#### Your instructions:
Restate the data word for word and leave the images out.

(Collected data)

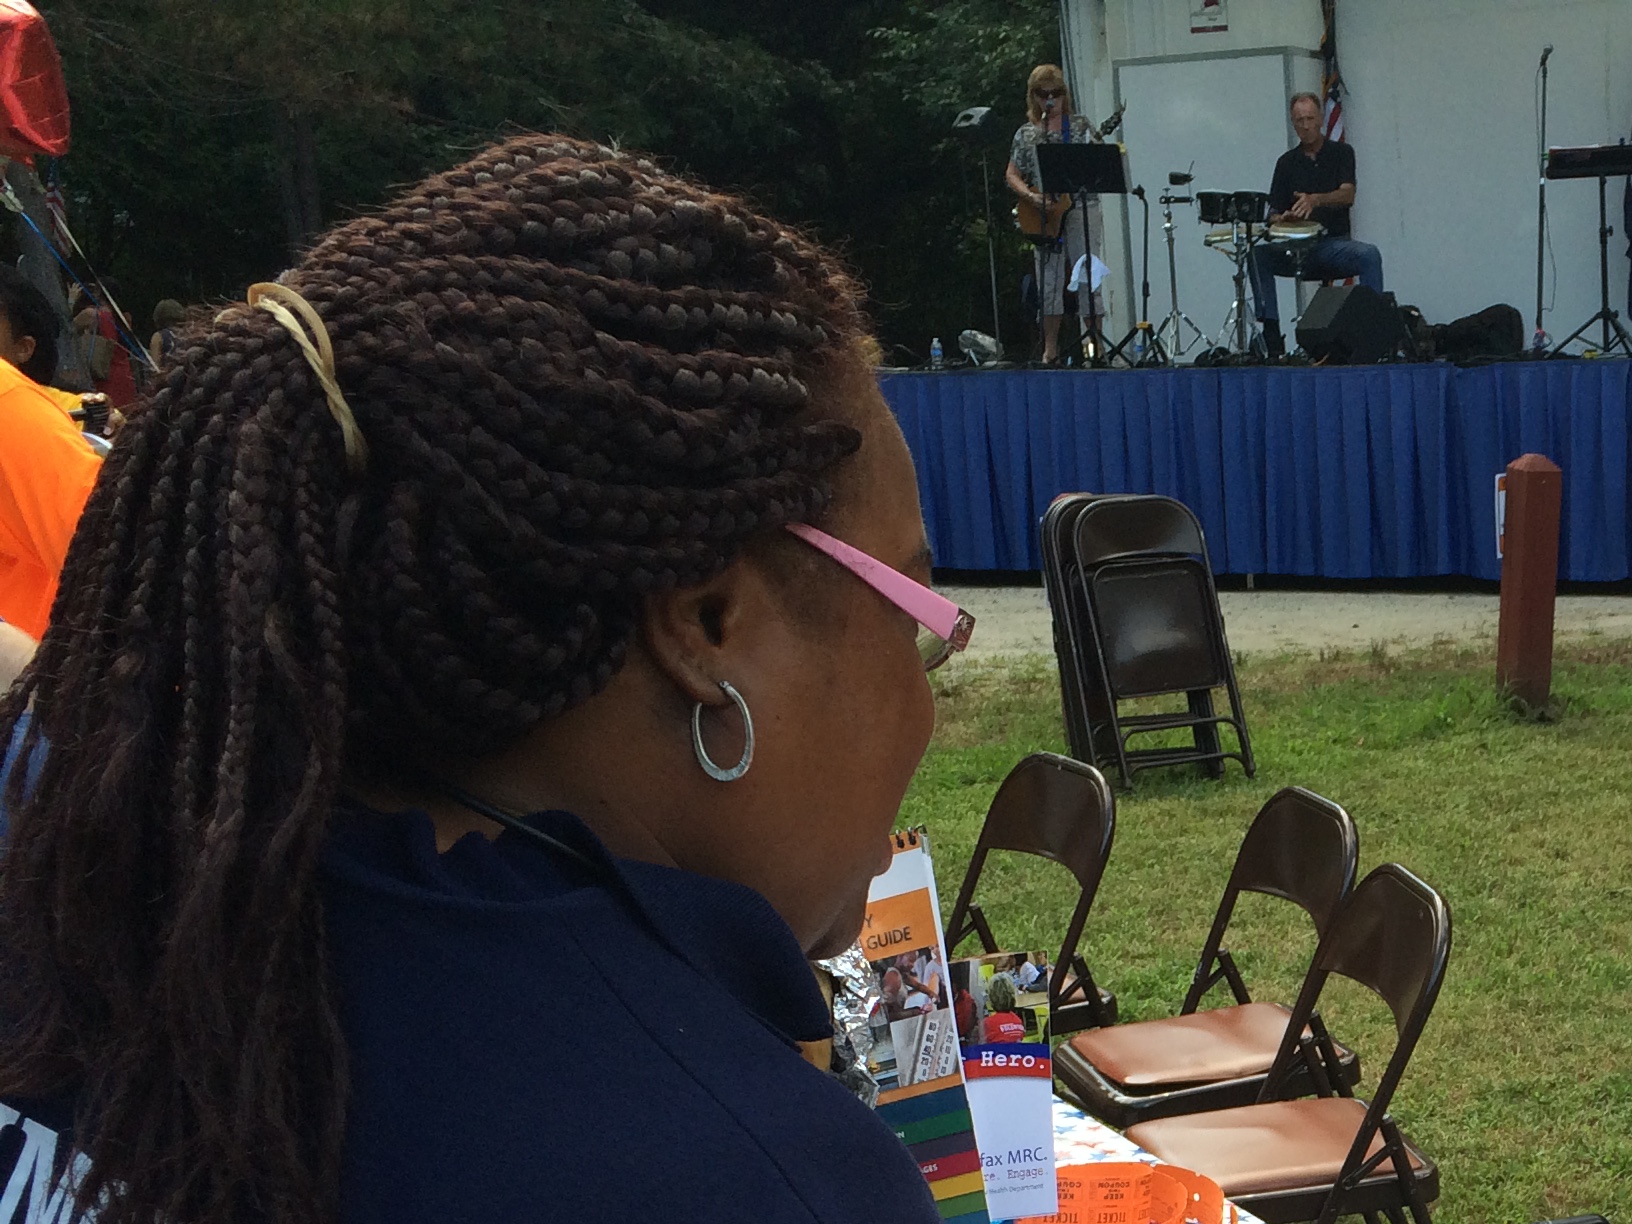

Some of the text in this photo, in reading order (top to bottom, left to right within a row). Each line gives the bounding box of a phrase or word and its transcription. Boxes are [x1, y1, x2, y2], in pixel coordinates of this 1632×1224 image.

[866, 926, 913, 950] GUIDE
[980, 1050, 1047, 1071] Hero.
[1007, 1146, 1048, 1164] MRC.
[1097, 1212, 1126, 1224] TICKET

#### Exercise output:
Some of the text in this photo, in reading order (top to bottom, left to right within a row). Each line gives the bounding box of a phrase or word and its transcription. Boxes are [x1, y1, x2, y2], in pixel coordinates of this 1632×1224 image.

[866, 926, 913, 950] GUIDE
[980, 1050, 1047, 1071] Hero.
[1007, 1146, 1048, 1164] MRC.
[1097, 1212, 1126, 1224] TICKET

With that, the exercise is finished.